ANALYSIS:What the Government has done is brave and necessary, and Europe should follow suit, writes RAY KINSELLA

THE DÁIL, in scrutinising and enacting the Credit Institutions (Financial Support) Bill 2008 has performed a signal service in copper-fastening the stability of the Irish financial system and, by extension, the wider economy. Their deliberations may, in retrospect, prove to be the catalyst that the EU has needed to develop a financial markets intervention model that actually works and which can help stabilise global markets.

The scope for scrutinising the legislation was, of course, highly constrained.

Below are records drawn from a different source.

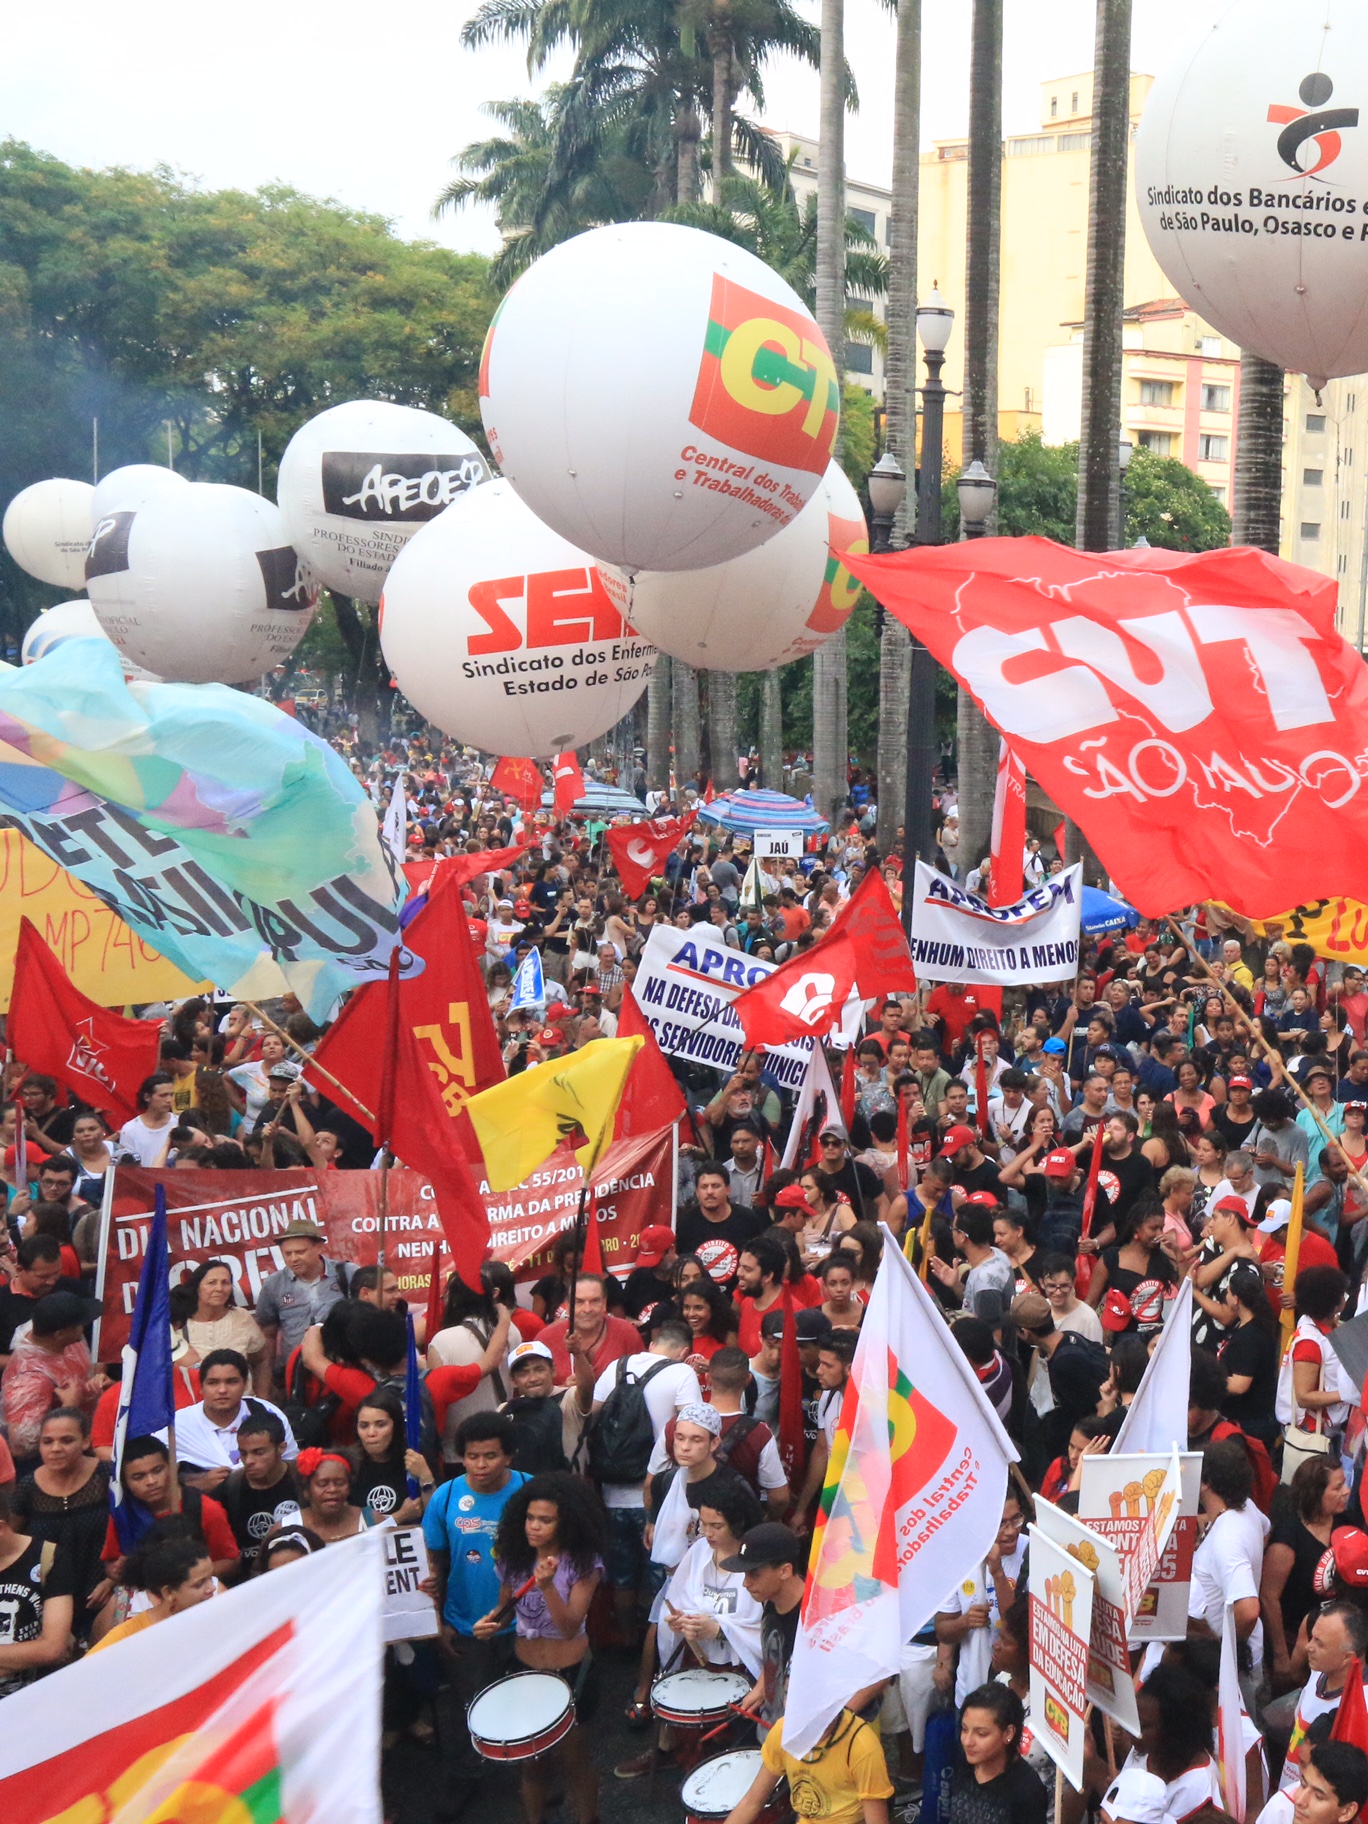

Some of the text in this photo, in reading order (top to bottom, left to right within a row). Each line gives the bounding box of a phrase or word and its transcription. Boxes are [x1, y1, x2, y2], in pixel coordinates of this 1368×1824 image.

[1148, 185, 1203, 206] Sindicato
[1207, 186, 1243, 207] dos
[1249, 188, 1356, 214] Bancários
[1160, 212, 1174, 231] de
[1177, 212, 1198, 231] São
[1201, 212, 1259, 236] Paulo,
[1263, 216, 1336, 239] Osasco
[1342, 225, 1354, 241] e
[720, 317, 841, 457] CT
[680, 444, 778, 493] Central dos
[674, 468, 783, 526] e Trabalhadoras
[313, 528, 399, 553] PROFESSORES
[337, 543, 396, 562] DO ESTAD
[372, 530, 411, 546] SINDI
[349, 557, 383, 574] Filiado
[250, 623, 300, 635] PROFESSO
[461, 655, 564, 679] Sindicato
[571, 649, 606, 667] dos
[952, 605, 1335, 744] CUT
[503, 675, 577, 696] Estado
[585, 669, 608, 686] de
[614, 666, 639, 682] São
[1062, 736, 1188, 804] SÃO
[769, 839, 789, 855] JAÚ
[928, 873, 1076, 921] APROFEM
[966, 945, 1017, 971] DIREITO
[1020, 947, 1031, 969] A
[1033, 938, 1080, 969] MENOS
[642, 975, 666, 1006] NA
[665, 983, 721, 1024] DEFESA
[532, 1165, 585, 1188] 55/201
[528, 1199, 550, 1216] DA
[181, 1197, 326, 1251] NACIONAL
[546, 1221, 557, 1235] A
[1086, 1520, 1139, 1533] ESTAMOS
[0, 1583, 31, 1598] THENS
[1032, 1600, 1060, 1635] ESTAMOS
[1069, 1635, 1087, 1664] LUTA
[1033, 1617, 1085, 1690] EM DEFESA
[1032, 1643, 1085, 1713] DA EDUCAÇÃO
[1046, 1697, 1068, 1736] CTB
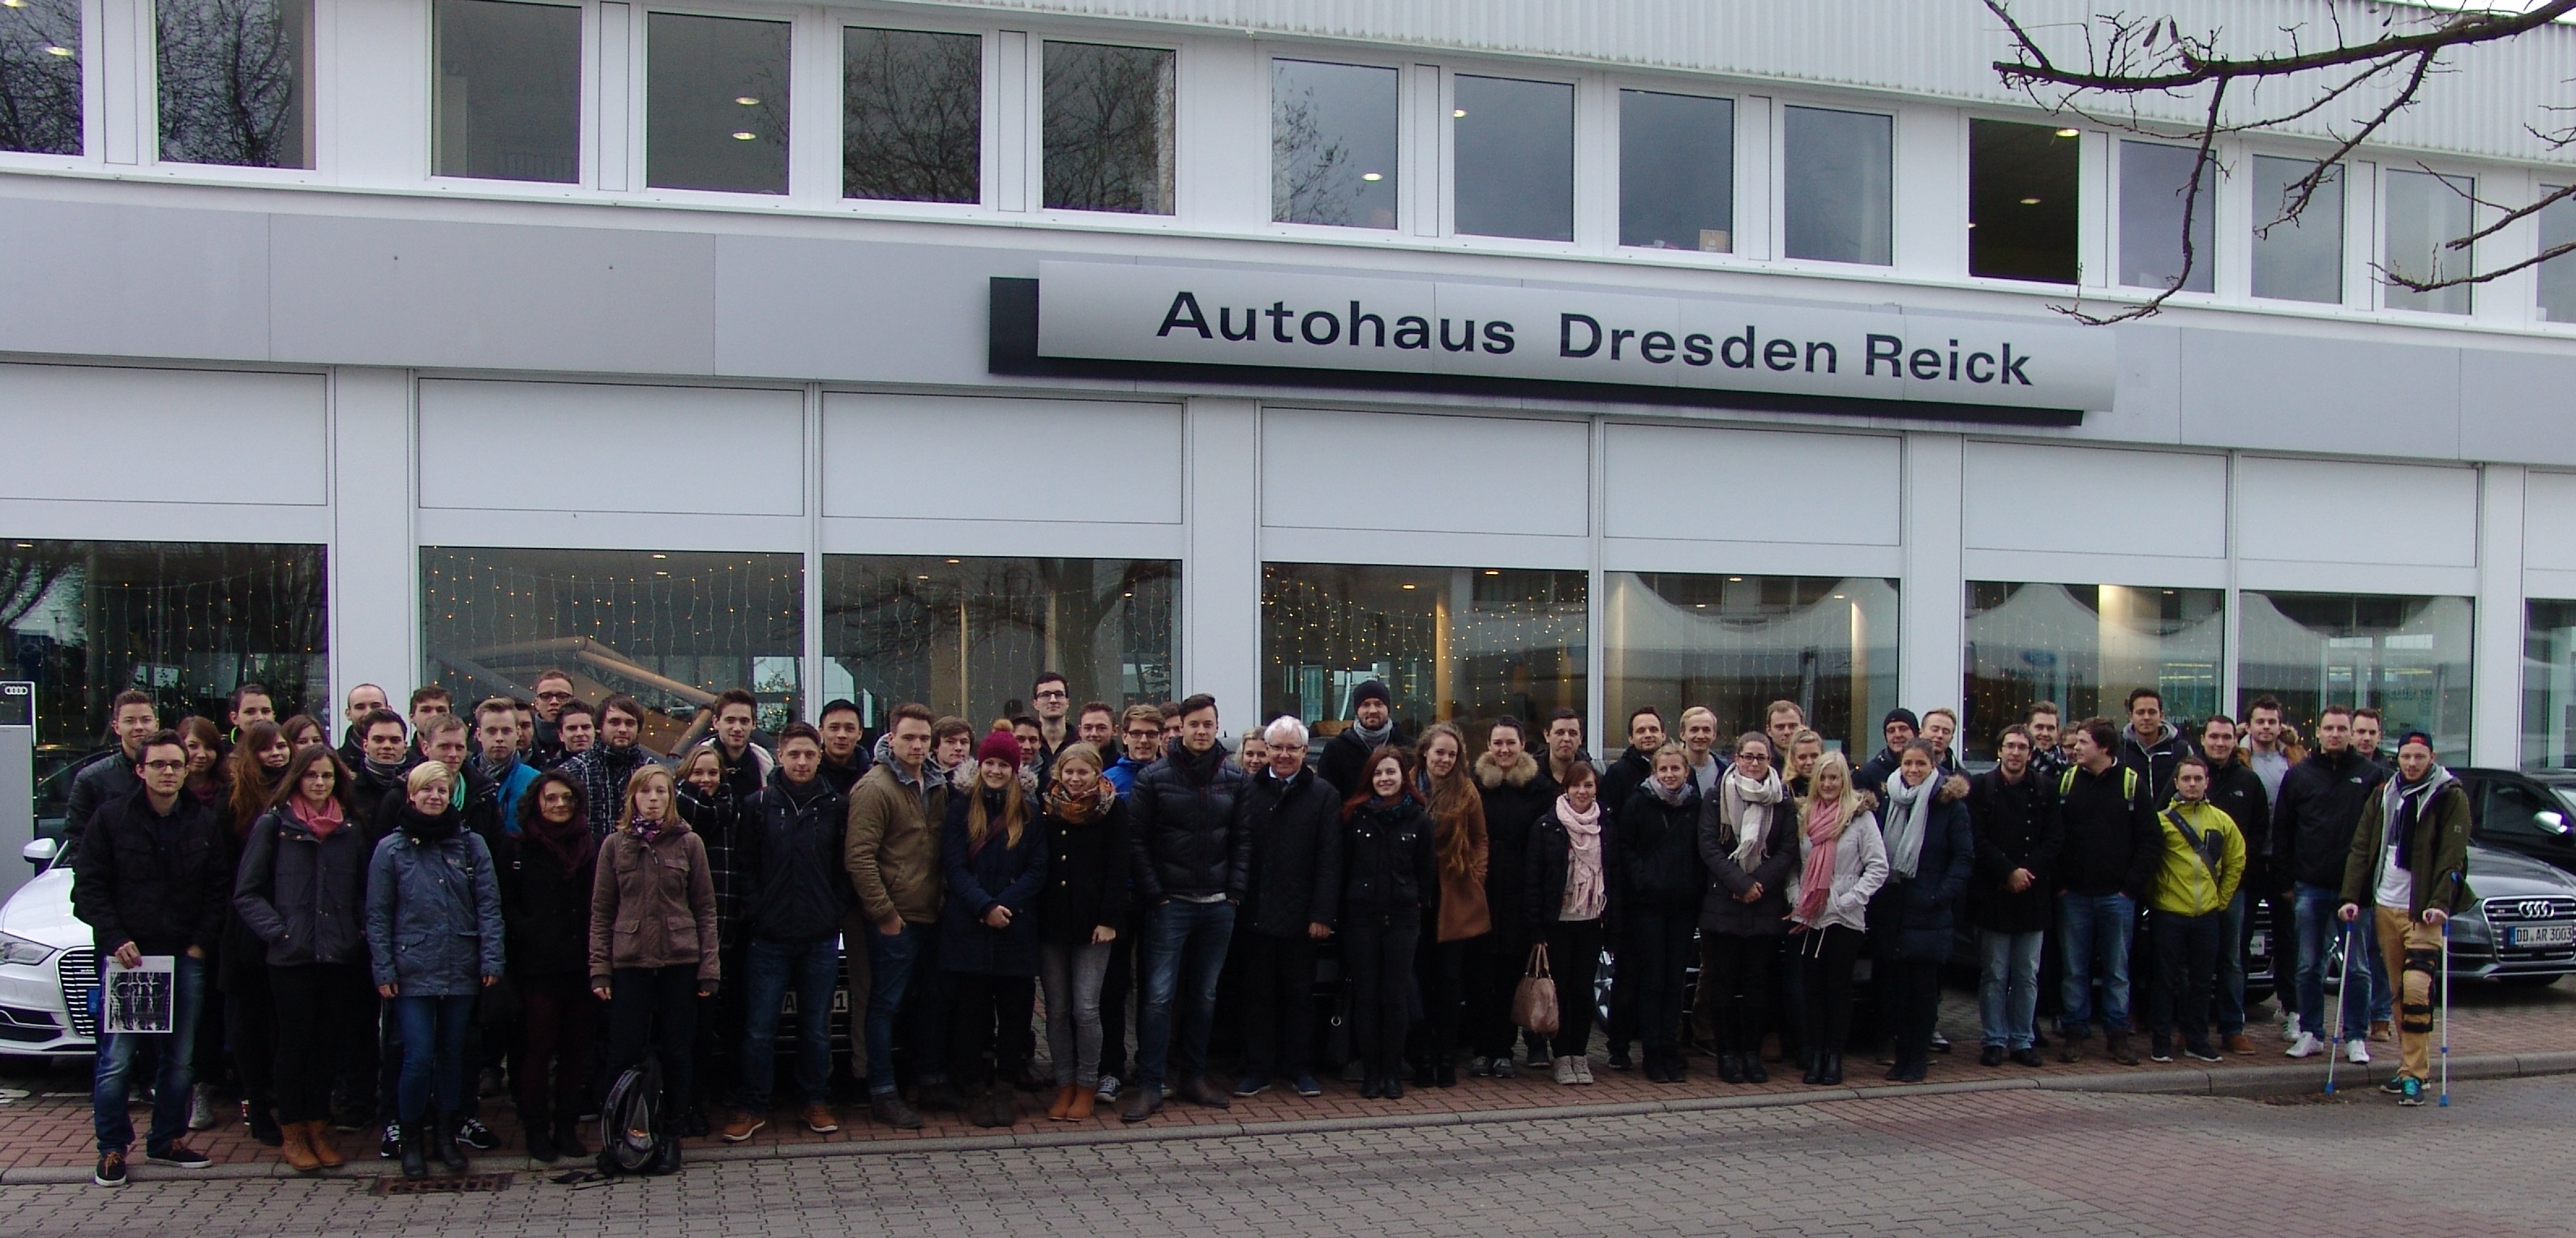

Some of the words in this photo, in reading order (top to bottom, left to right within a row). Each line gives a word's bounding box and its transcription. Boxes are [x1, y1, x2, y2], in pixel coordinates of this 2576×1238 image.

[1155, 291, 1515, 355] Autohaus
[1559, 312, 1838, 374] Dresden
[1865, 333, 2033, 386] Reick
[2516, 929, 2529, 942] DD
[2535, 928, 2548, 941] AR
[2549, 927, 2573, 940] 3003

Firstly, there were market-driven time pressures. The stability that flowed back into Irish markets following the Government's action is a precious commodity. The legislation needed to be put in place.

Secondly, the spectre of the recent rejection by the US House of Representatives of the Paulson package hung over Leinster House. At the same time, questions had to be asked, clarifications sought and assurances given. The Act is the better for this scrutiny.

A number of issues have arisen in the immediate aftermath. The first relates to the coverage of the arrangements and, in particular, to the case for broadening its scope.

It was right that the Irish authorities, in the first instance, crafted the arrangements around Irish-headquartered banks and credit institutions. These institutions - unlike those headquartered in other EU countries - are the direct responsibility of the Financial Regulator and of the Government. These institutions had been targeted by speculators. Their importance to the stability of the wider economy can hardly be overstated.

Having said that, there are a number of institutions - Ulster Bank and HBOS, which are subsidiaries of British parent groups, and also National Irish Bank, which is a branch operation of a major European group - which have a significant presence in Irish retail markets. They provide competition and choice, and bring different service propositions to Irish customers. Having begun with the core task of stabilising Irish-headquartered institutions, the Government would surely be right in including these institutions within the scope of the arrangement.

The UK authorities have raised the question of the compatibility of the new arrangements with EU competition policy. Their criticism is just a little wide of the mark. The responsibility for the financial stability of an institution lies, first and foremost, with its board, and ultimately with the regulatory authorities of the home country.

The UK authorities have developed their own strategy for stabilising UK markets. That is properly a matter for them. It is entirely legitimate for the UK to lobby the Irish Government on behalf of its institutions.

But any suggestion that what Ireland has done is contrary to EU competition law is simply misconceived. There is little point in talking about competition or distortions in competition in an environment in which the very survival of institutions can be undermined.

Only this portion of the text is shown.